Häufig gestellte Fragen (FAQ)

FrageAntwort
Sind taube Finger immer ein ernstes Problem?Nein, oft sind sie harmlos und entstehen durch ungünstige Haltungen oder vorübergehende Nervenkompressionen. Bei anhaltenden, wiederkehrenden oder sich verschlimmernden Symptomen sollten Sie jedoch einen Arzt aufsuchen.
Kann Stress taube Finger verursachen?Indirekt ja. Stress kann zu starken Muskelverspannungen, insbesondere im Nacken- und Schulterbereich, führen. Diese Verspannungen können Nerven einklemmen, die in die Arme und Hände ziehen und somit Taubheitsgefühle auslösen.
Welche Hausmittel helfen sofort gegen taube Finger?Sanftes Bewegen, Schütteln oder Massieren der betroffenen Finger sowie Wärmeapplikationen (z.B. warmes Handbad, Kirschkernkissen) können die Durchblutung anregen und schnelle Linderung verschaffen.
Wie lange dauert es, bis taube Finger wieder normal werden?Das hängt von der Ursache ab. Bei harmlosen Fällen verschwindet die Taubheit oft innerhalb von Minuten. Bei behandelten Nervenkompressionen oder Mangelzuständen kann es Tage bis Wochen dauern, bis sich die Nerven vollständig erholt haben. Bei chronischen Nervenschäden kann eine vollständige Wiederherstellung länger dauern oder nicht immer vollständig erreicht werden.

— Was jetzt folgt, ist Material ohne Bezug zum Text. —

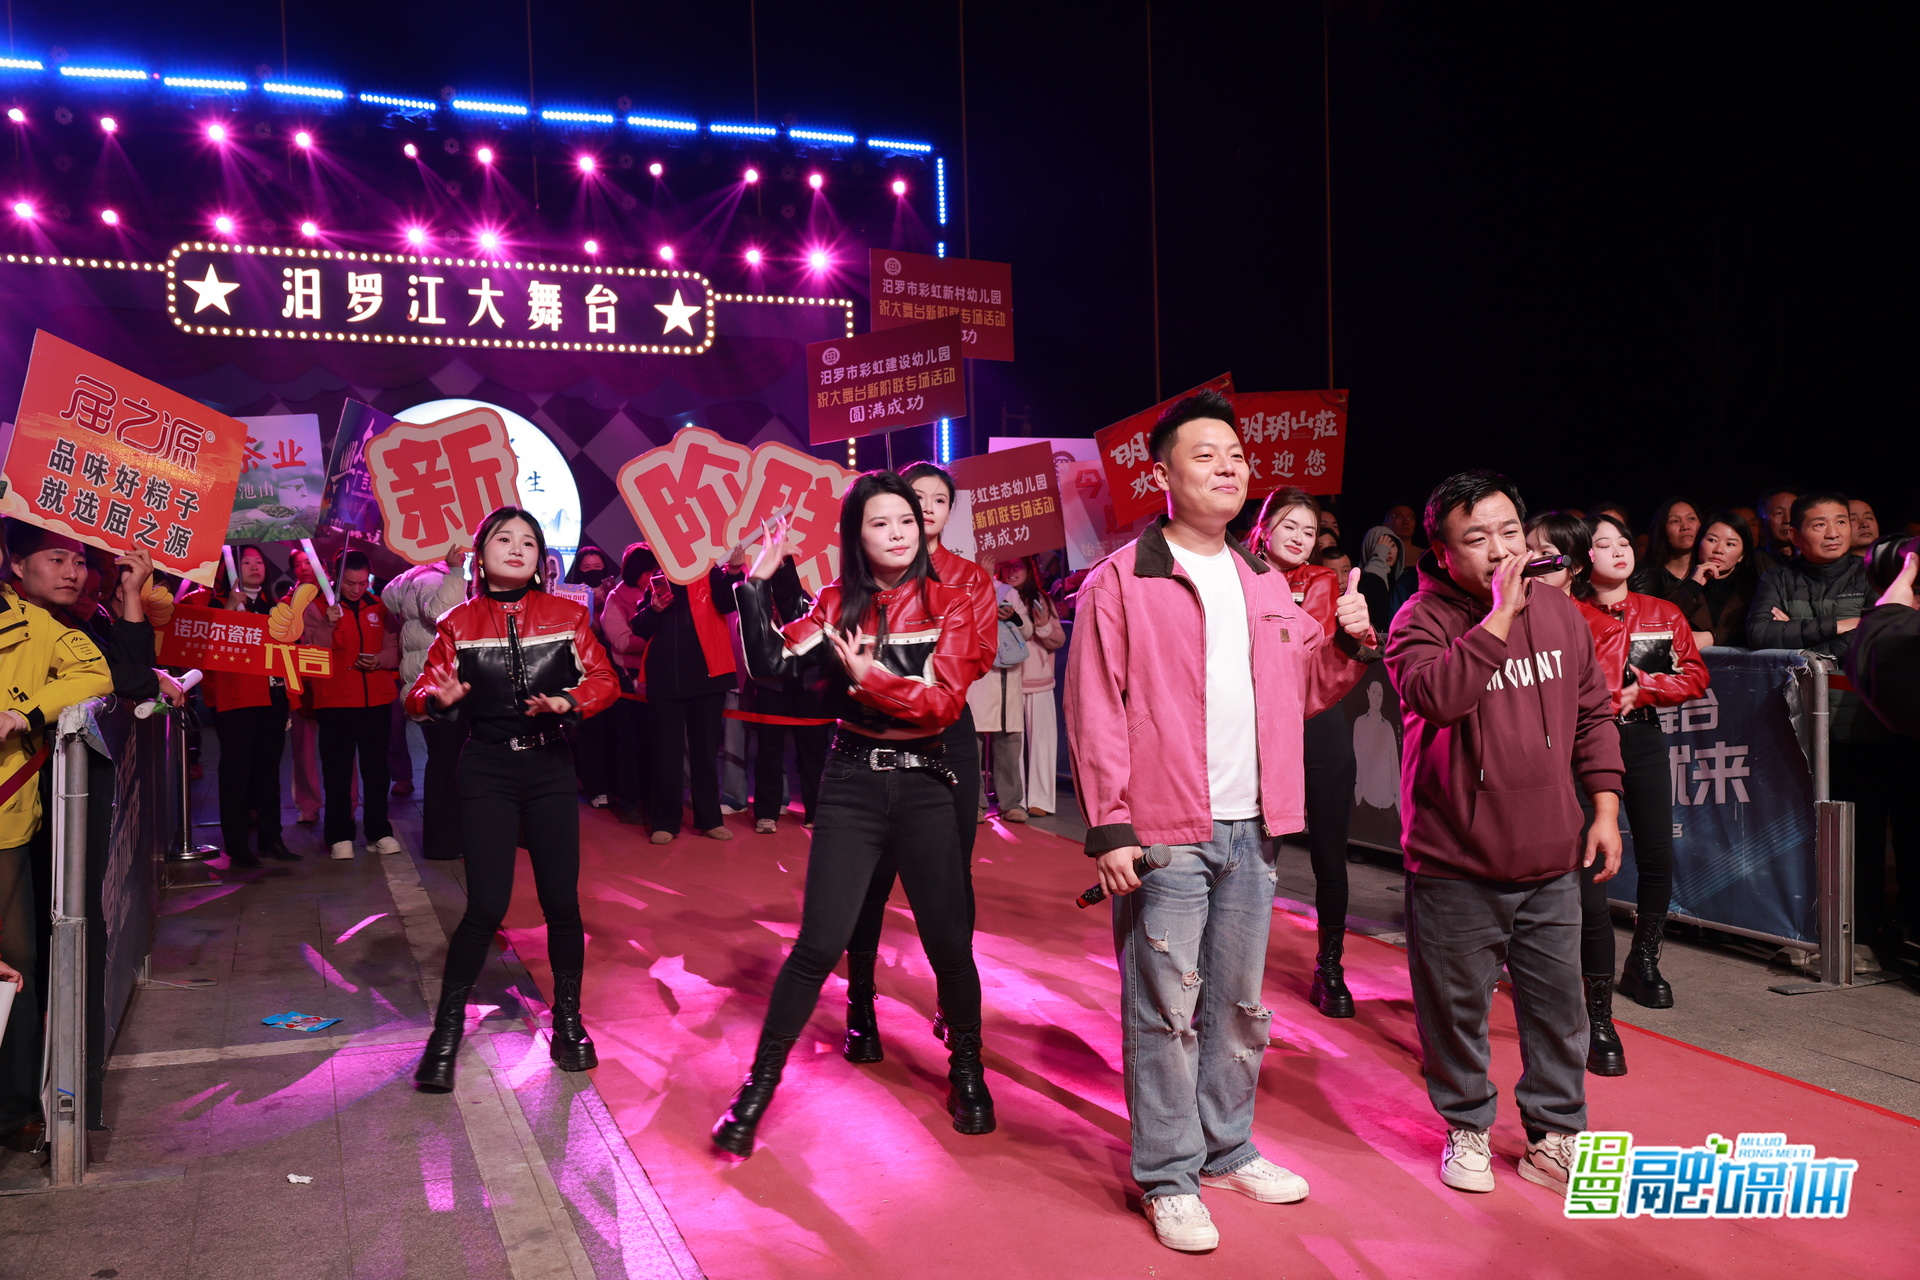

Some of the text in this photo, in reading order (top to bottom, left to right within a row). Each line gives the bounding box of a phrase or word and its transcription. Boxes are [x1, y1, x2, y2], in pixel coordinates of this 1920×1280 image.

[282, 267, 618, 334] 汨罗江大舞台
[881, 278, 1002, 305] 汨罗市彩虹新村幼儿园
[816, 366, 956, 409] 祝大舞台新阶联专场活动
[820, 345, 951, 386] 汨罗市彩虹建设幼儿园
[60, 373, 205, 474] 屈之源
[849, 395, 924, 424] 圆满成功
[47, 437, 200, 520] 品味好粽子
[382, 423, 504, 549] 新
[35, 476, 193, 559] 就选屈之源
[973, 524, 1030, 555] 满成功
[174, 618, 263, 646] 诺贝尔瓷砖
[264, 642, 331, 692] 代言
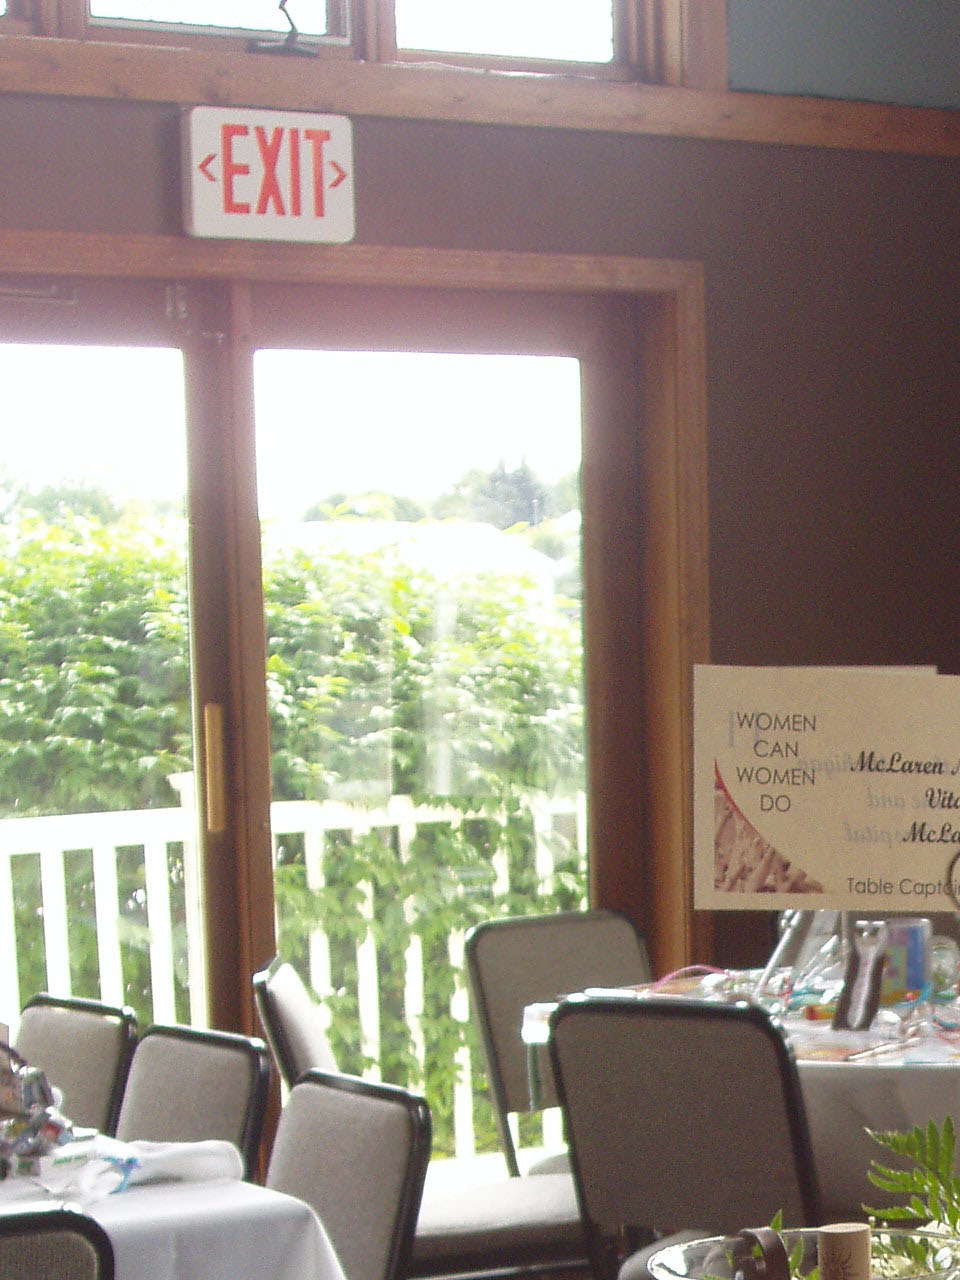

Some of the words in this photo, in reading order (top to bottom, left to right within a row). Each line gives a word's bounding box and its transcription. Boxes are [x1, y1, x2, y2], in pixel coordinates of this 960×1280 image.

[221, 124, 331, 218] EXIT
[736, 711, 817, 732] WOMEN
[753, 739, 799, 758] CAN
[850, 750, 945, 775] McLaren
[736, 766, 816, 786] WOMEN
[760, 794, 792, 813] DO
[847, 877, 894, 896] Table
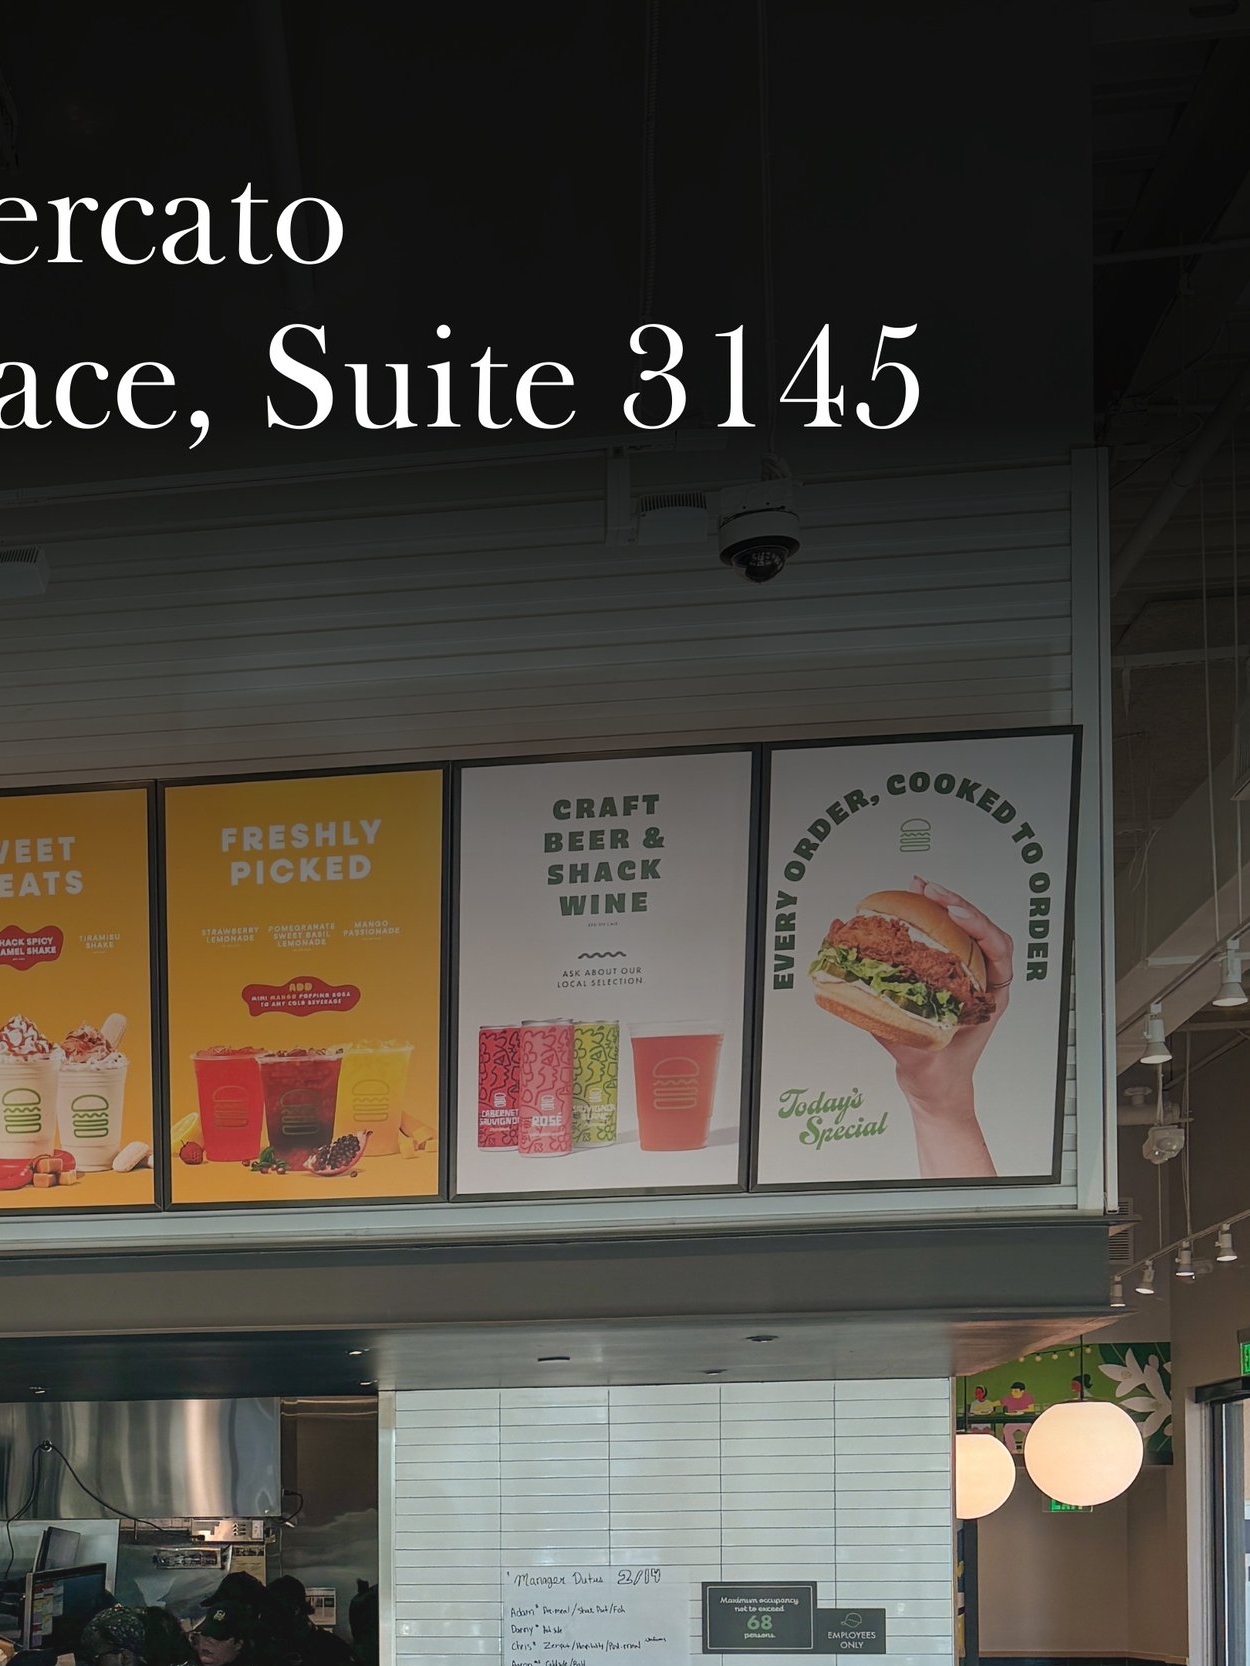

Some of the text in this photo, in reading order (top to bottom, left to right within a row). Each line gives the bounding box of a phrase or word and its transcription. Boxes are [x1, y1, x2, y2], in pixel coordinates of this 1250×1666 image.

Kann ich mit tauben Fingern Sport treiben?Bei temporärer Taubheit ist Sport meist unbedenklich und kann sogar die Durchblutung fördern. Bei anhaltenden oder schmerzhaften Taubheitsgefühlen, insbesondere nach Verletzungen, sollten Sie vor dem Sport ärztlichen Rat einholen, um weitere Schäden zu vermeiden.

Taube Finger sind ein weit verbreitetes Symptom, das von harmlosen, vorübergehenden Erscheinungen bis zu Anzeichen ernsthafter Erkrankungen reichen kann. Eine genaue Beobachtung Ihrer Symptome und die frühzeitige Konsultation eines Arztes sind entscheidend, um die Ursache zu klären und eine passende Behandlung einzuleiten. Durch präventive Maßnahmen, einen gesunden Lebensstil und gezielte Selbsthilfe können Sie viel dazu beitragen, Ihre Nerven gesund zu halten und ein Leben ohne unangenehme Taubheitsgefühle zu führen. Schenken Sie Ihren Händen die Aufmerksamkeit, die sie verdienen – für ein Leben voller Gefühl und Bewegungsfreiheit.